*** Opening of EXCERPTED DATA ***

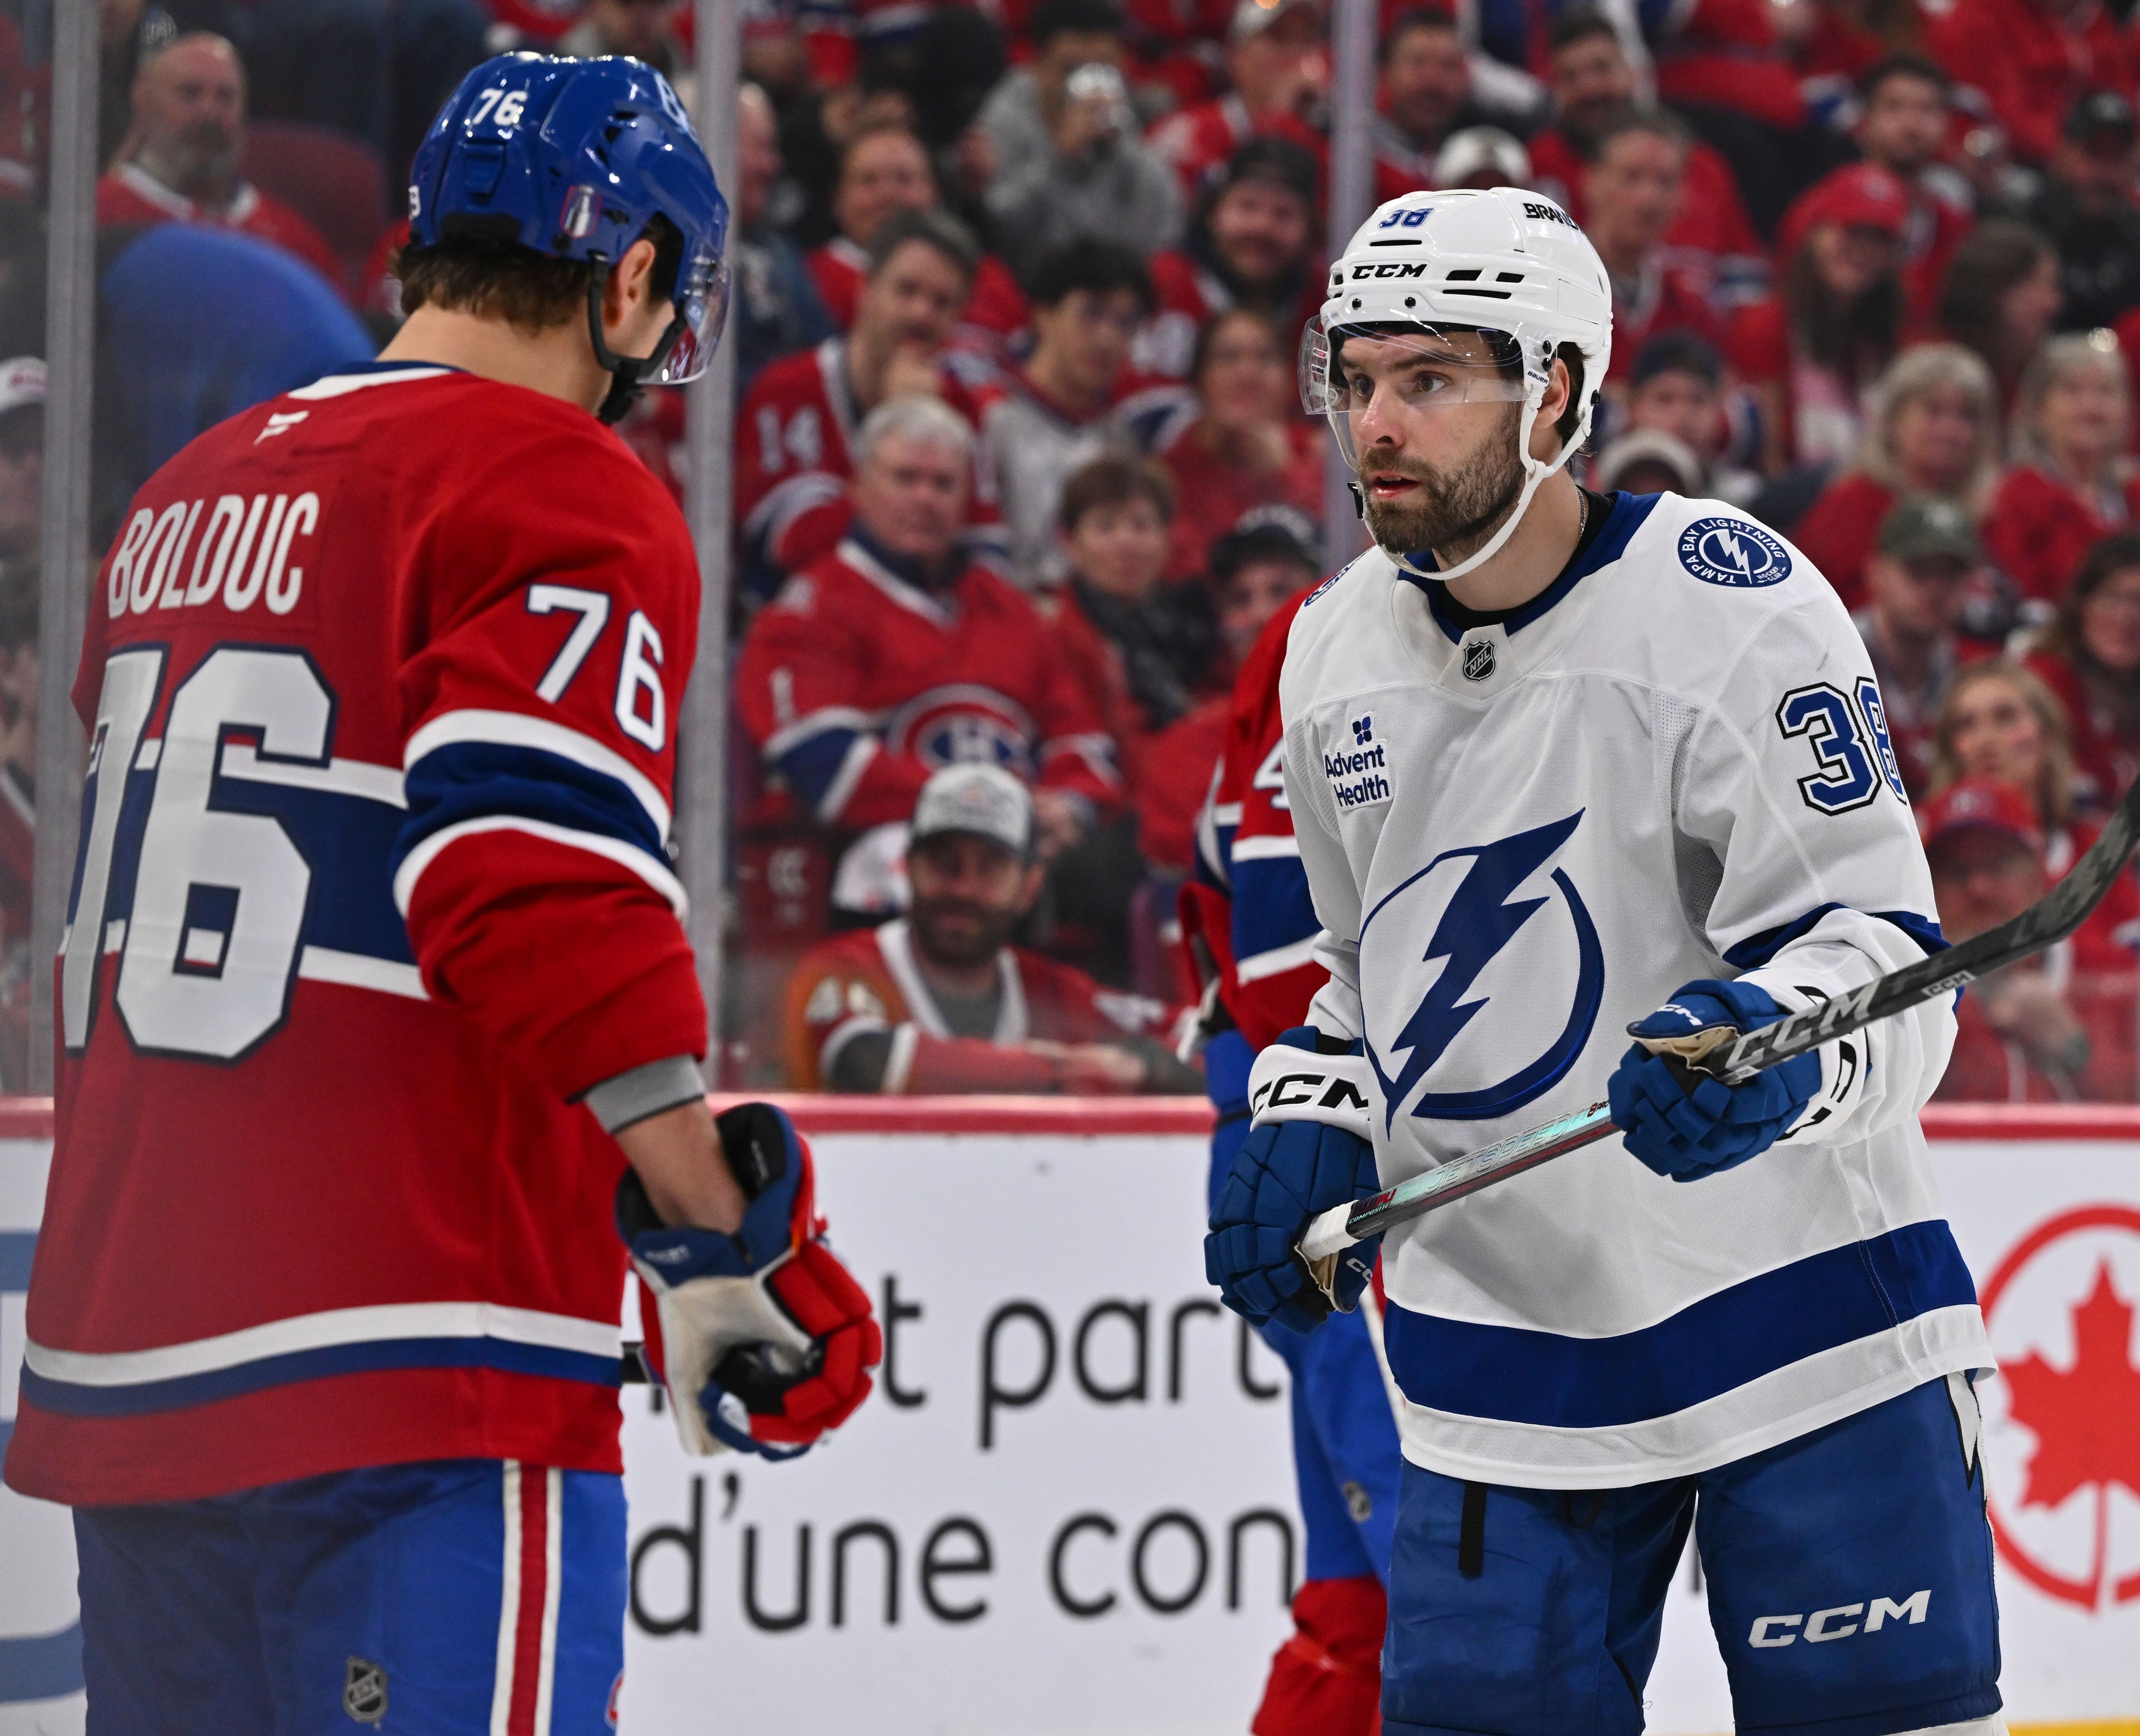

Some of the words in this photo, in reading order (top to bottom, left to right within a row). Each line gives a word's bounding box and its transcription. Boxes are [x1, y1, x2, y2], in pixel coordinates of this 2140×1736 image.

[472, 87, 528, 126] 76
[1378, 208, 1435, 229] 38
[1522, 203, 1584, 234] BRAND
[1352, 264, 1427, 279] CCM
[108, 492, 320, 619] BOLDUC
[1682, 528, 1700, 551] BAY
[1698, 519, 1786, 559] LIGHTNING
[1685, 554, 1737, 584] TAMPA
[1756, 565, 1779, 580] HOCKEY
[1767, 572, 1783, 582] CLUB
[526, 583, 666, 752] 76
[1469, 649, 1490, 675] NHL
[1325, 744, 1385, 779] Advent
[1774, 676, 1907, 817] 38
[1333, 774, 1389, 807] Health
[62, 642, 338, 1065] 76
[1725, 977, 1881, 1069] CCM
[1425, 1113, 1571, 1194] JETSPEED
[1349, 1203, 1390, 1224] COMPOSITE
[629, 1471, 993, 1637] d'une
[1748, 1589, 1932, 1648] CCM
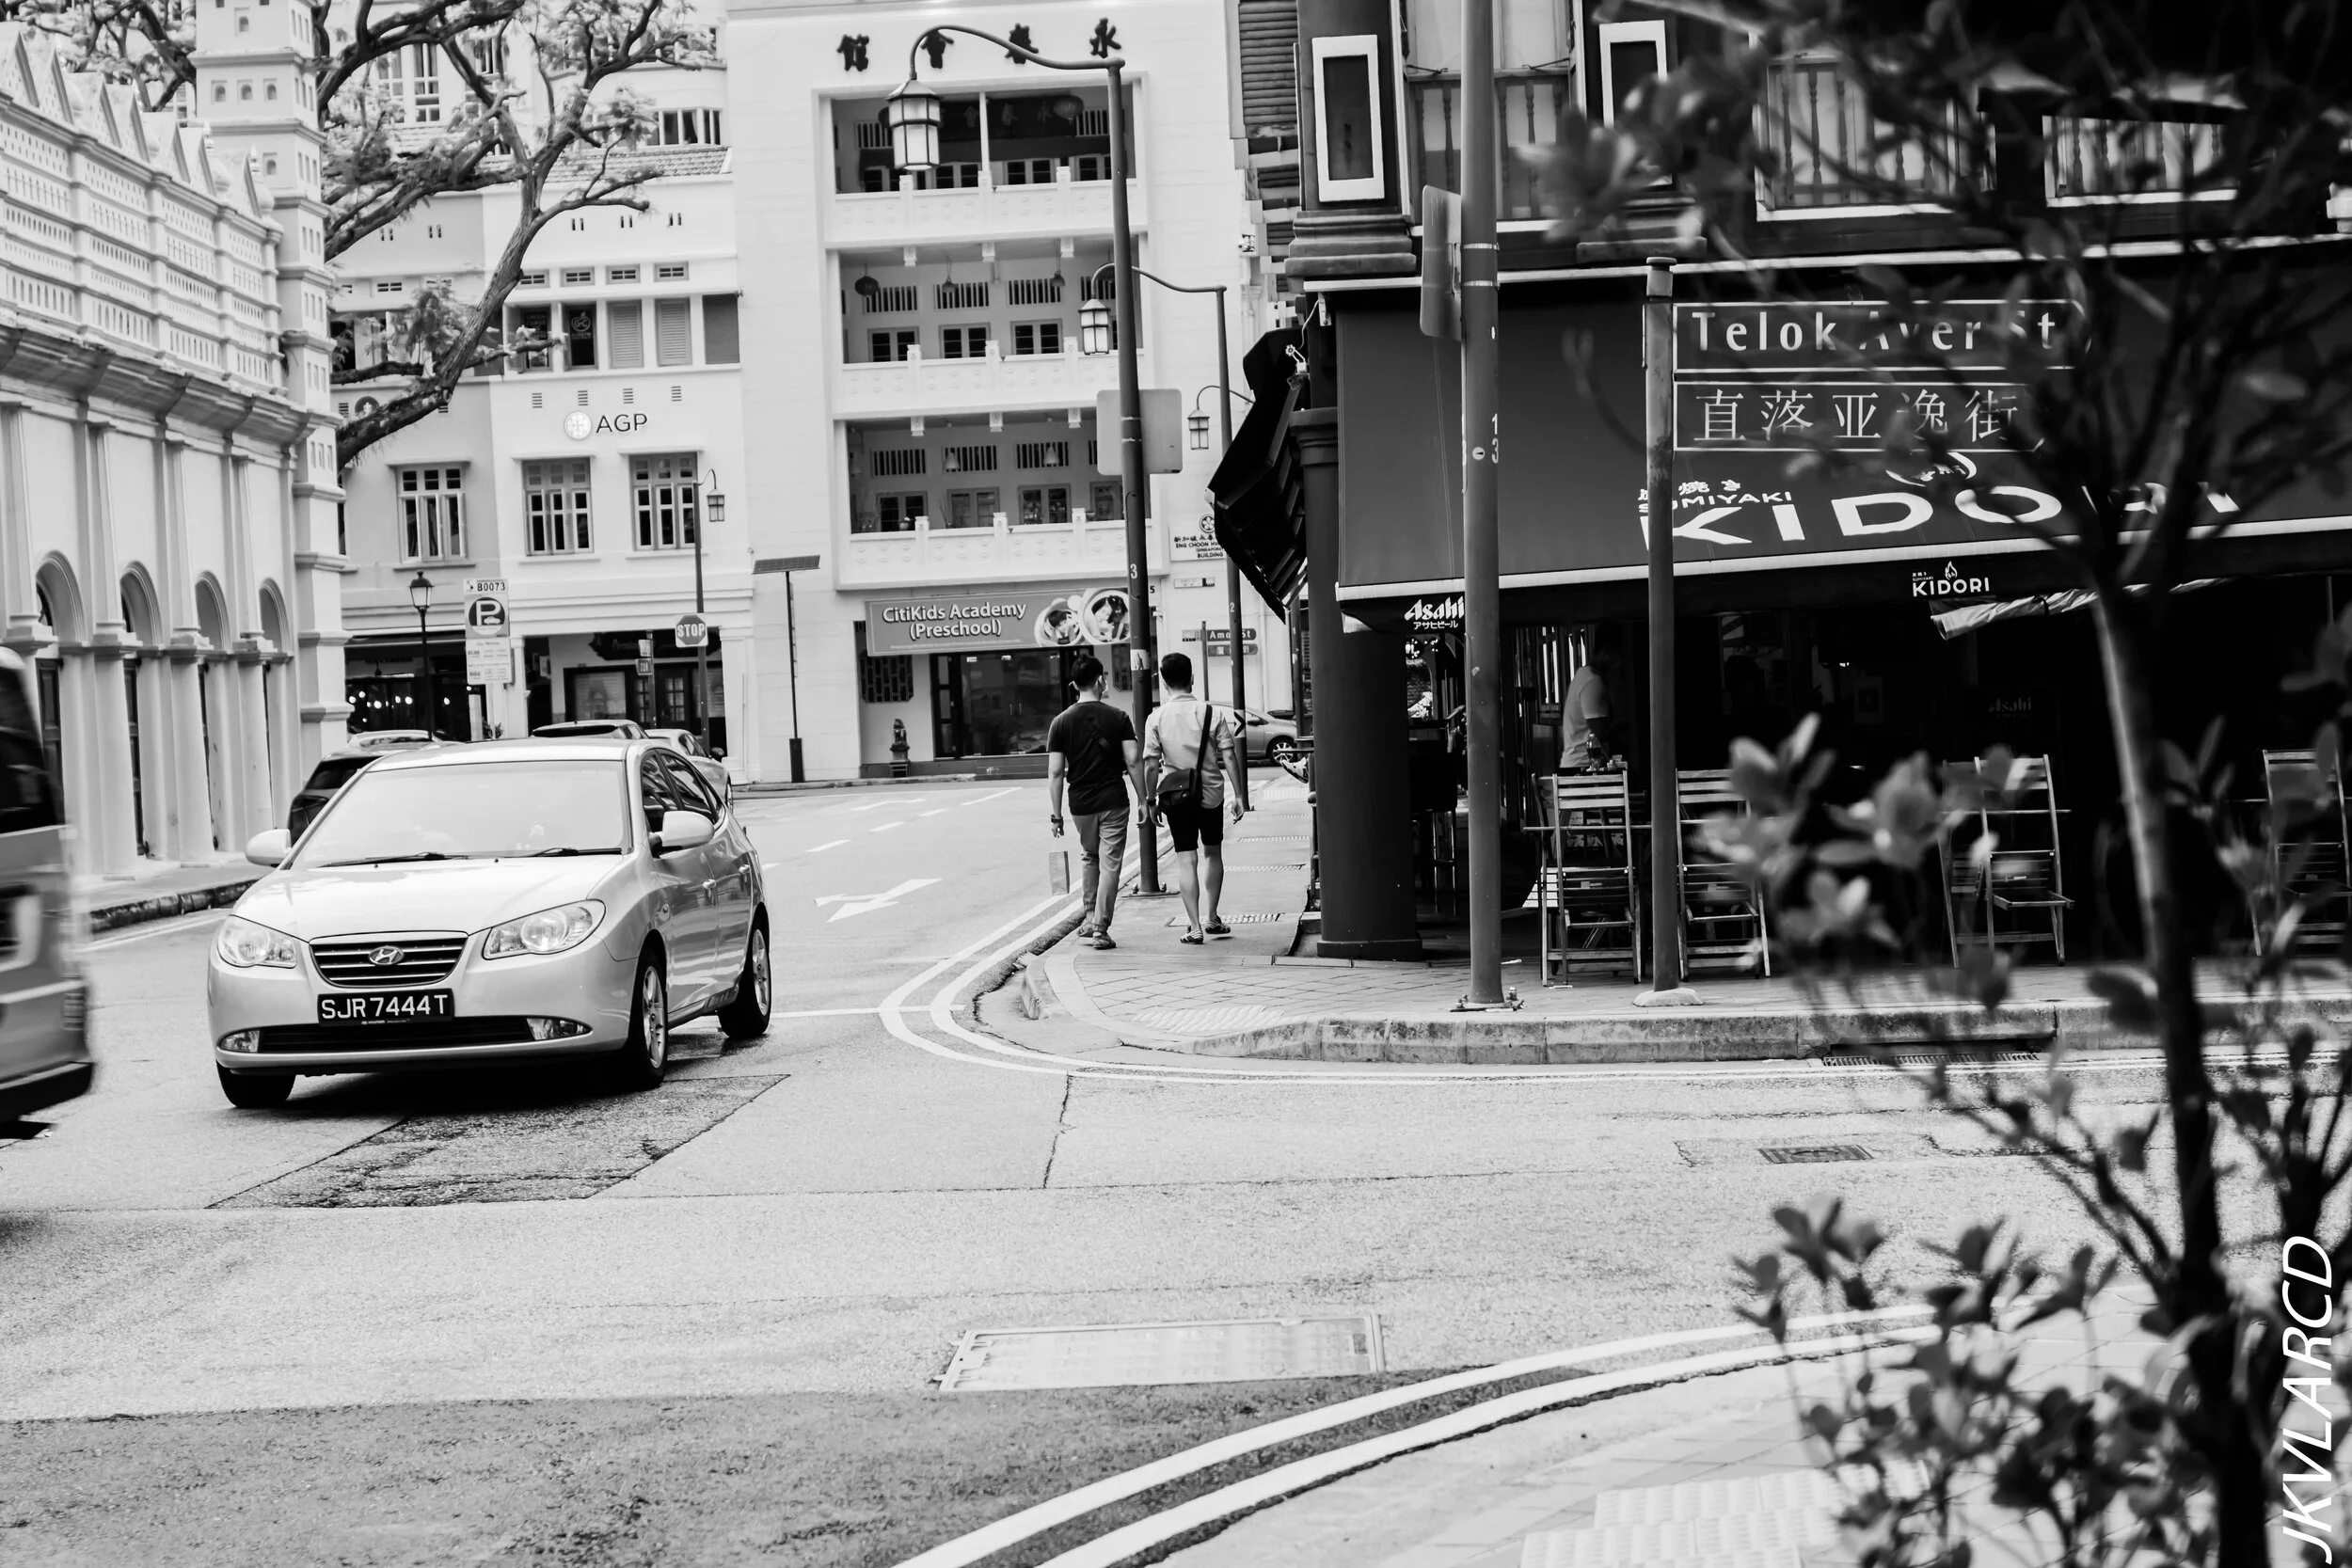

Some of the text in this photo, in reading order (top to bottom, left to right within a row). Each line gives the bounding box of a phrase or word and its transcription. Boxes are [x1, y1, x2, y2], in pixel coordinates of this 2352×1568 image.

[1692, 311, 1837, 351] Telok
[596, 413, 648, 434] AGP
[1638, 491, 1792, 514] SMIYAKI
[1130, 563, 1137, 578] 3
[477, 582, 505, 592] B0073
[1913, 578, 1990, 596] KIDORI
[882, 602, 1026, 623] CitiKids Academy
[1230, 602, 1235, 612] 2
[1405, 595, 1465, 621] Asahi
[676, 623, 705, 638] STOP
[910, 619, 1002, 641] (Preschool)
[1413, 620, 1459, 630] アサヒビール
[1210, 630, 1231, 640] Amo
[321, 994, 448, 1020] SJR7444T

*** Close of EXCERPTED DATA ***

TASK DETAILS:
The data above is to be printed exactly, all of it, except for the pictures.

YOUR SOLUTION:
Some of the words in this photo, in reading order (top to bottom, left to right within a row). Each line gives a word's bounding box and its transcription. Boxes are [x1, y1, x2, y2], in pixel coordinates of this 2140×1736 image.

[472, 87, 528, 126] 76
[1378, 208, 1435, 229] 38
[1522, 203, 1584, 234] BRAND
[1352, 264, 1427, 279] CCM
[108, 492, 320, 619] BOLDUC
[1682, 528, 1700, 551] BAY
[1698, 519, 1786, 559] LIGHTNING
[1685, 554, 1737, 584] TAMPA
[1756, 565, 1779, 580] HOCKEY
[1767, 572, 1783, 582] CLUB
[526, 583, 666, 752] 76
[1469, 649, 1490, 675] NHL
[1325, 744, 1385, 779] Advent
[1774, 676, 1907, 817] 38
[1333, 774, 1389, 807] Health
[62, 642, 338, 1065] 76
[1725, 977, 1881, 1069] CCM
[1425, 1113, 1571, 1194] JETSPEED
[1349, 1203, 1390, 1224] COMPOSITE
[629, 1471, 993, 1637] d'une
[1748, 1589, 1932, 1648] CCM

Some of the text in this photo, in reading order (top to bottom, left to right within a row). Each line gives the bounding box of a phrase or word and its transcription. Boxes are [x1, y1, x2, y2], in pixel coordinates of this 2352×1568 image.

[1692, 311, 1837, 351] Telok
[596, 413, 648, 434] AGP
[1638, 491, 1792, 514] SMIYAKI
[1130, 563, 1137, 578] 3
[477, 582, 505, 592] B0073
[1913, 578, 1990, 596] KIDORI
[882, 602, 1026, 623] CitiKids Academy
[1230, 602, 1235, 612] 2
[1405, 595, 1465, 621] Asahi
[676, 623, 705, 638] STOP
[910, 619, 1002, 641] (Preschool)
[1413, 620, 1459, 630] アサヒビール
[1210, 630, 1231, 640] Amo
[321, 994, 448, 1020] SJR7444T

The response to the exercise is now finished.